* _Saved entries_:
_ _ _ _

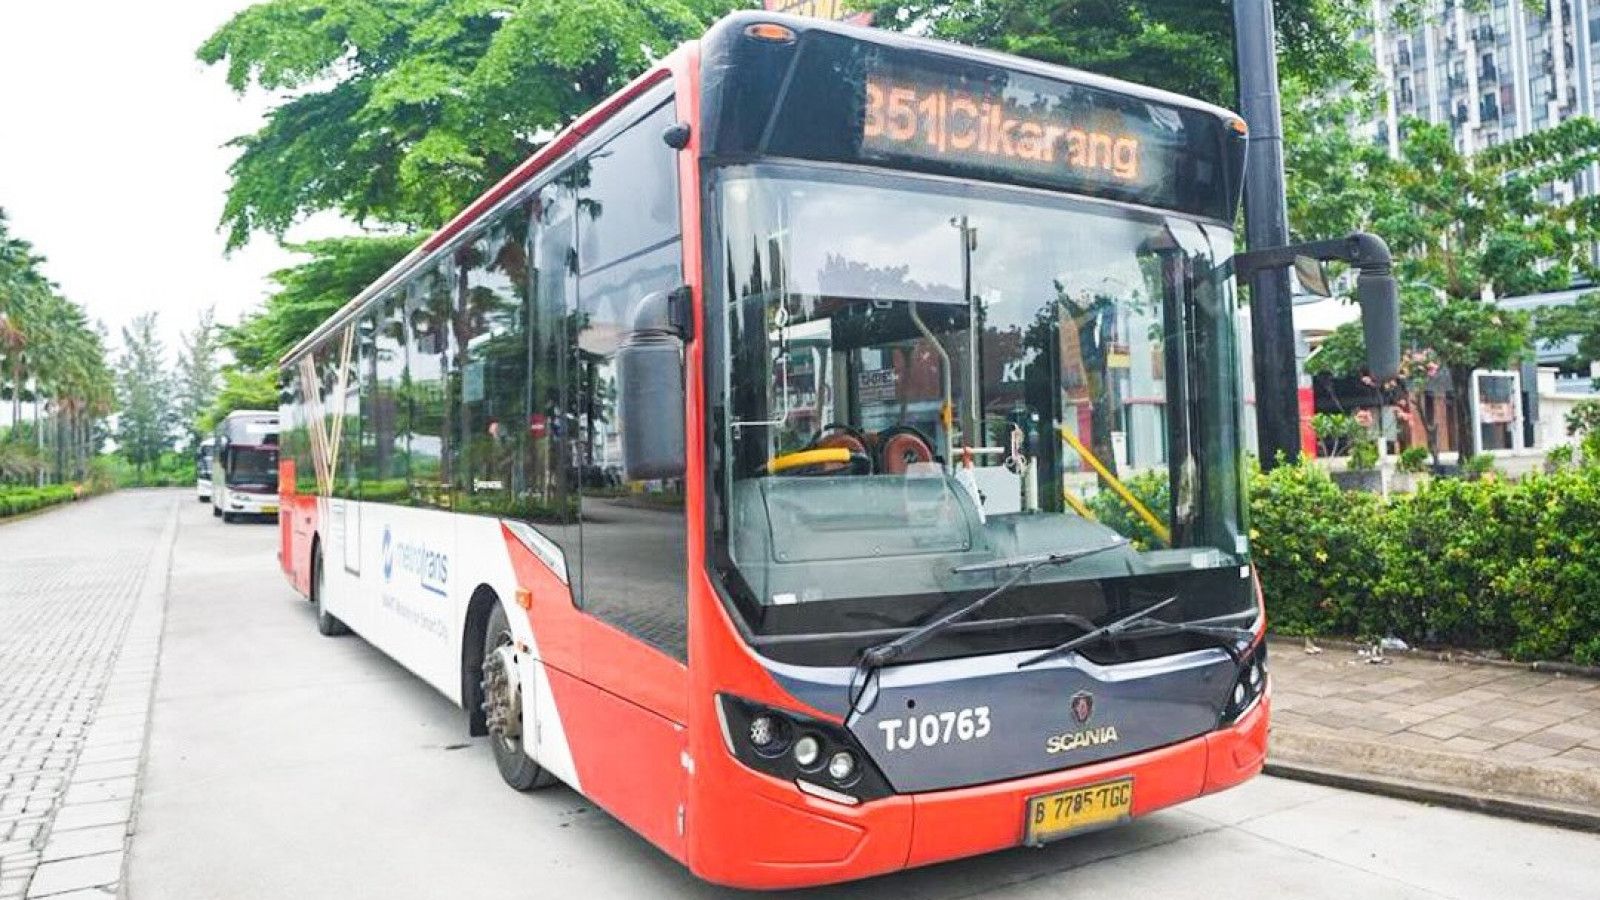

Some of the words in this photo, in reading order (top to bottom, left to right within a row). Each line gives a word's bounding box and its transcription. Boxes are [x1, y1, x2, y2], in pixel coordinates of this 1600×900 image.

[878, 706, 991, 751] TJ0763
[1046, 726, 1118, 753] SCANIA
[1035, 801, 1045, 824] B
[1096, 784, 1130, 809] TGC
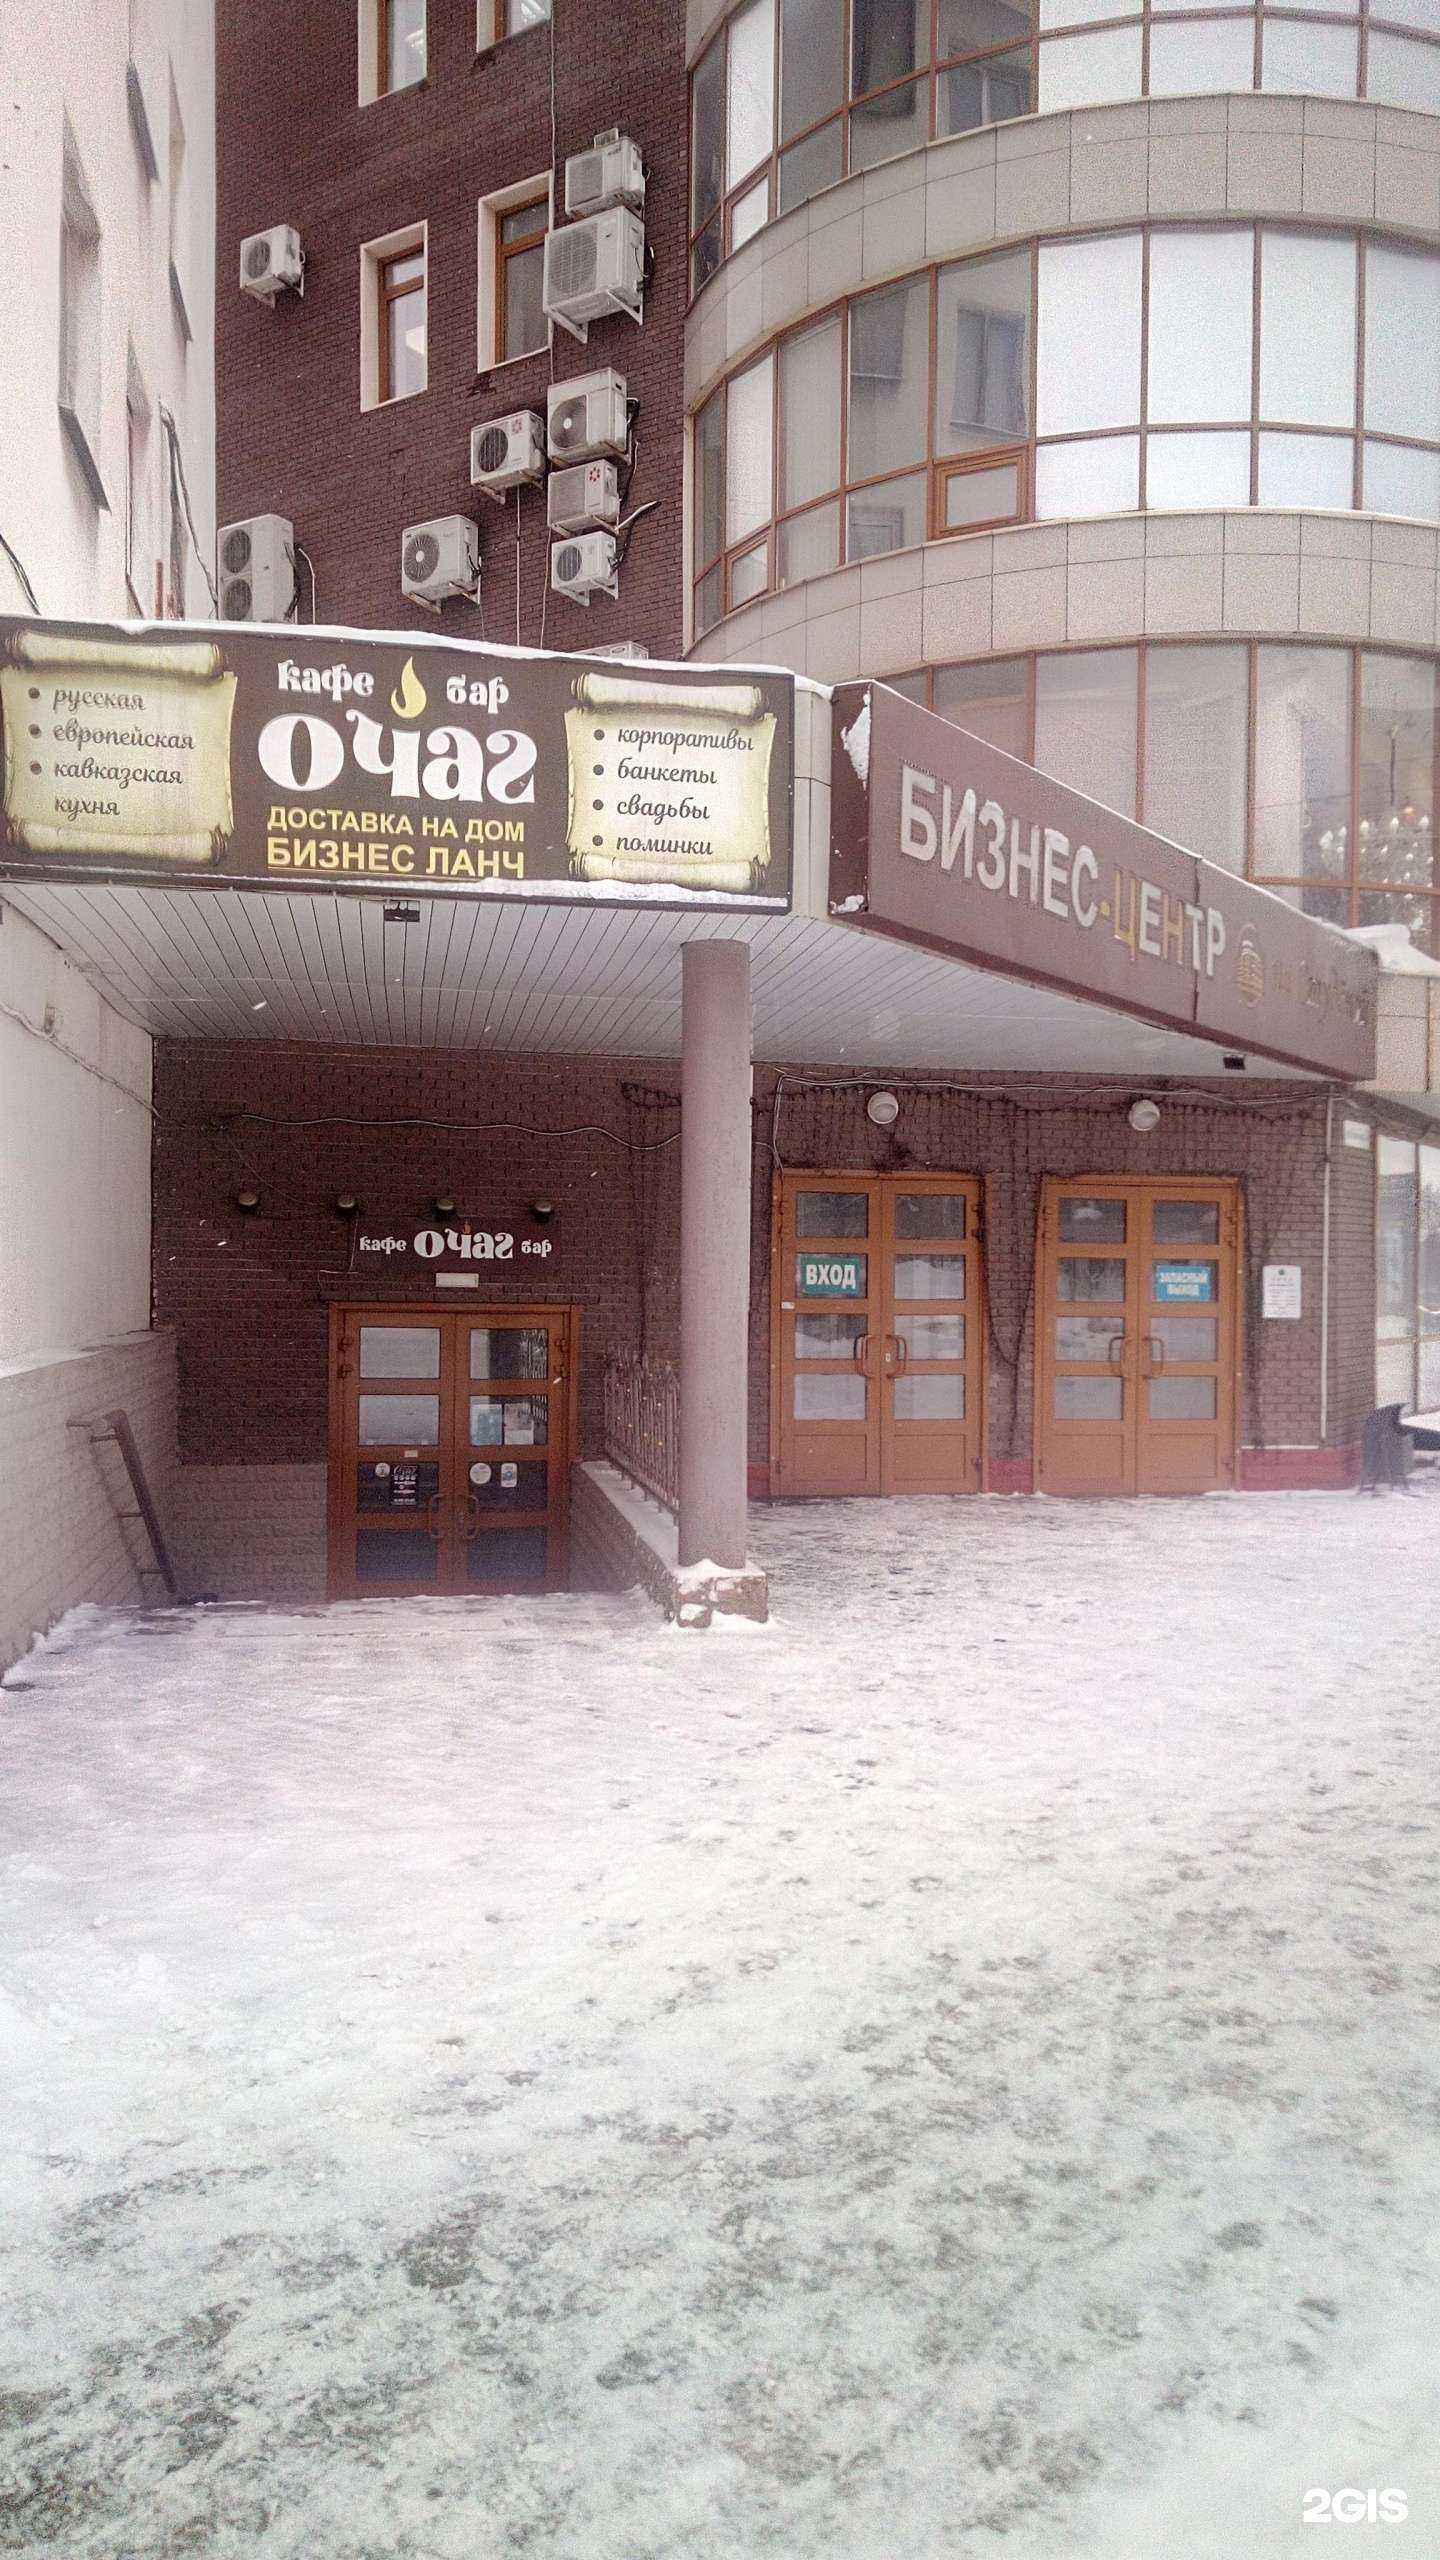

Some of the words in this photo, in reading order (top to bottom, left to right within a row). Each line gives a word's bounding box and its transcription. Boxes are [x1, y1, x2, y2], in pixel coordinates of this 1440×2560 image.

[53, 686, 145, 710] русская
[277, 659, 374, 701] кафе
[446, 674, 509, 715] бар
[54, 721, 195, 752] европейская
[617, 727, 754, 755] корпоративы
[54, 757, 183, 789] кавказская
[617, 757, 718, 785] банкеты
[54, 796, 121, 819] кухня
[616, 793, 710, 825] свадьбы
[267, 805, 415, 835] ДОСТАВКА
[422, 817, 459, 838] НА
[464, 819, 525, 842] ДОМ
[267, 837, 416, 872] БИЗНЕС
[425, 846, 525, 879] ЛАНЧ
[616, 836, 714, 857] поминки
[359, 1235, 407, 1255] кафе
[520, 1238, 552, 1258] бар
[806, 1264, 856, 1290] ВХОД
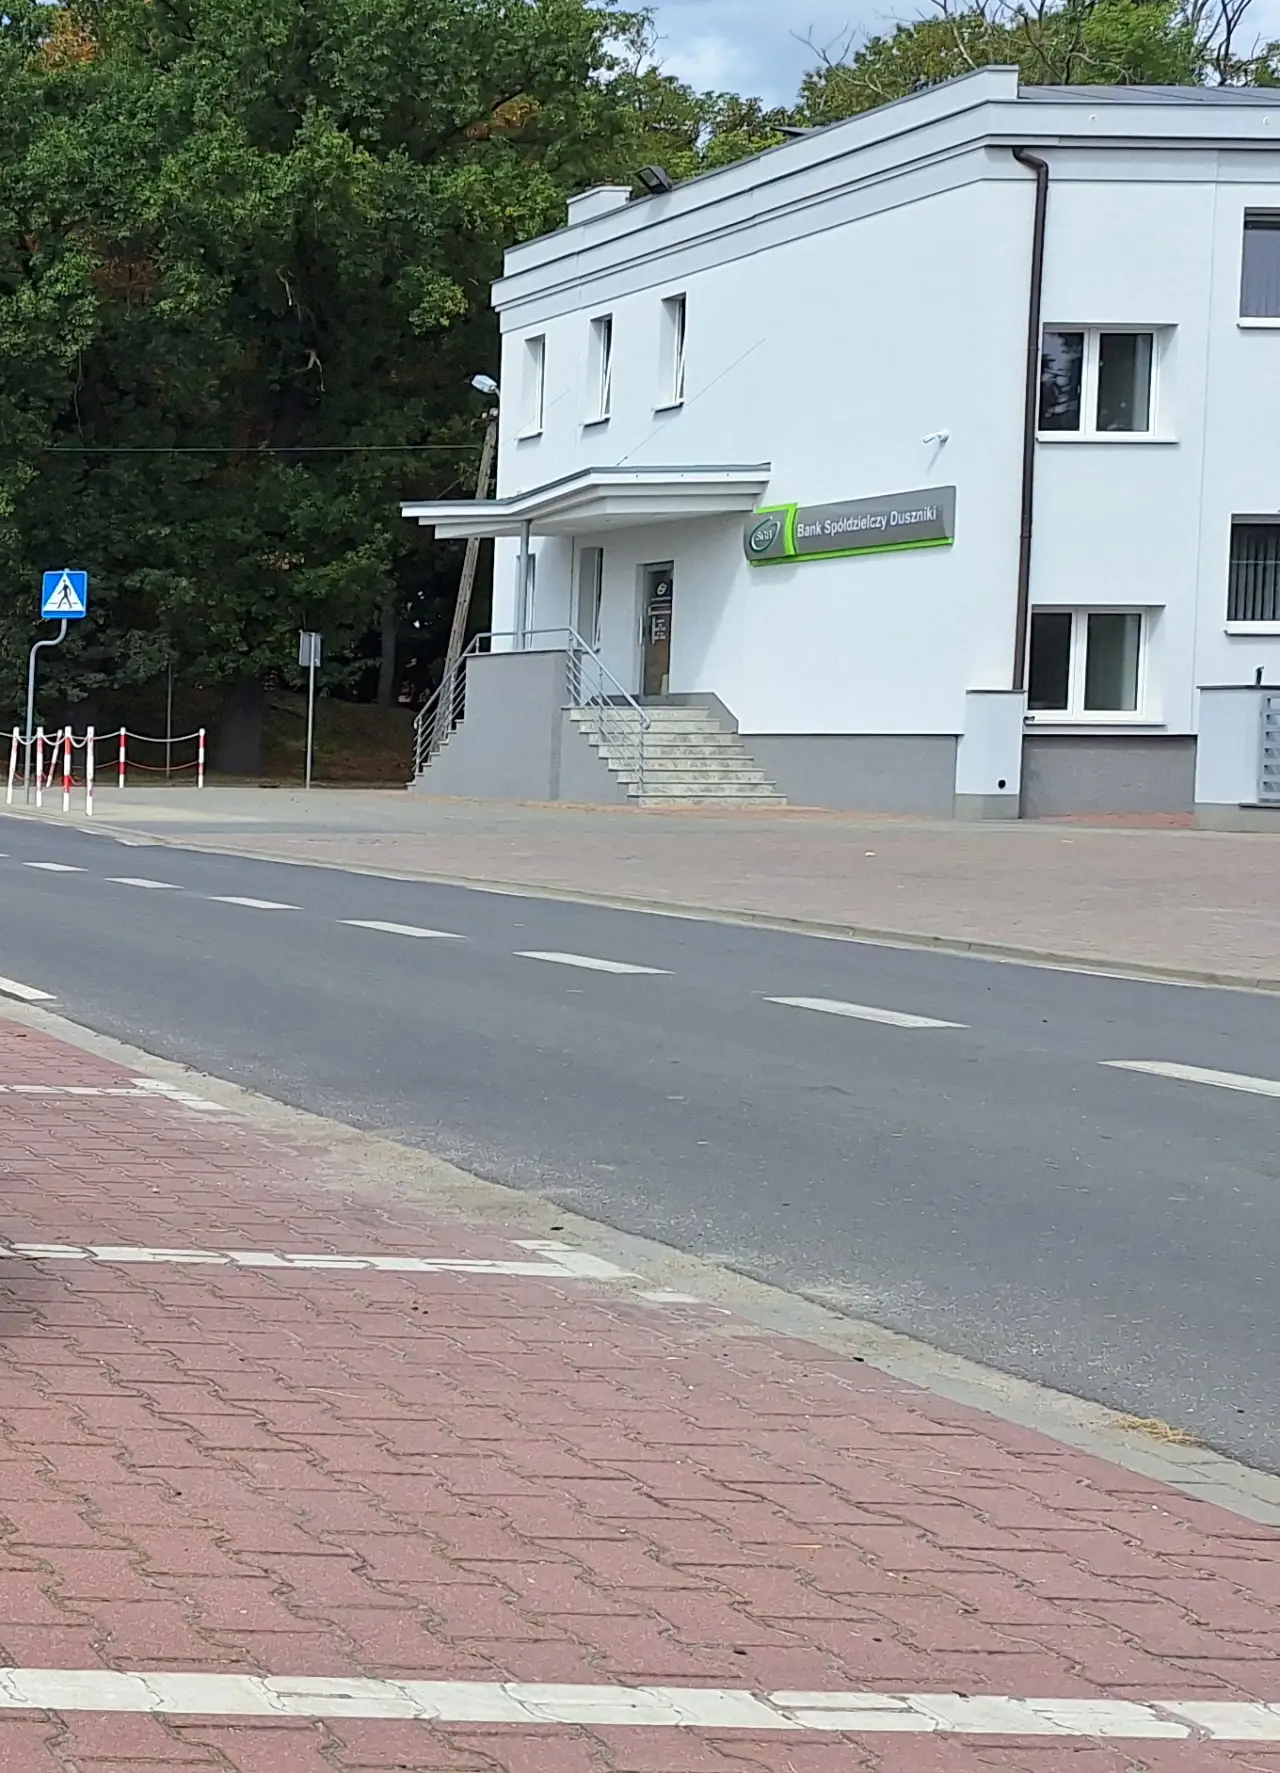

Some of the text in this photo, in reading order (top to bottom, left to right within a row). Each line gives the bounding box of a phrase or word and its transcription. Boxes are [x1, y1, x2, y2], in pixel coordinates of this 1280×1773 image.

_ _ _ _

* _ACTION ITEM_:
Print every entry above again, exactly as written. Leave the images out.

* _RESPONSE AREA_:
Some of the words in this photo, in reading order (top to bottom, left to right within a row). Each line gives a word's bounding box and its transcription. Boxes are [x1, y1, x2, y2], in pixel coordinates of this 1600×900 image.

[878, 706, 991, 751] TJ0763
[1046, 726, 1118, 753] SCANIA
[1035, 801, 1045, 824] B
[1096, 784, 1130, 809] TGC

Some of the words in this photo, in reading order (top to bottom, left to right within a row). Each line gives a word's bounding box and its transcription. Boxes are [x1, y1, x2, y2], in pixel coordinates of this 1440×2560 image.

[53, 686, 145, 710] русская
[277, 659, 374, 701] кафе
[446, 674, 509, 715] бар
[54, 721, 195, 752] европейская
[617, 727, 754, 755] корпоративы
[54, 757, 183, 789] кавказская
[617, 757, 718, 785] банкеты
[54, 796, 121, 819] кухня
[616, 793, 710, 825] свадьбы
[267, 805, 415, 835] ДОСТАВКА
[422, 817, 459, 838] НА
[464, 819, 525, 842] ДОМ
[267, 837, 416, 872] БИЗНЕС
[425, 846, 525, 879] ЛАНЧ
[616, 836, 714, 857] поминки
[359, 1235, 407, 1255] кафе
[520, 1238, 552, 1258] бар
[806, 1264, 856, 1290] ВХОД

Some of the text in this photo, in reading order (top to bottom, left to right within a row). Each line gives the bounding box of a phrase or word and its transcription. Boxes are [x1, y1, x2, y2], in pixel coordinates of this 1280×1773 image.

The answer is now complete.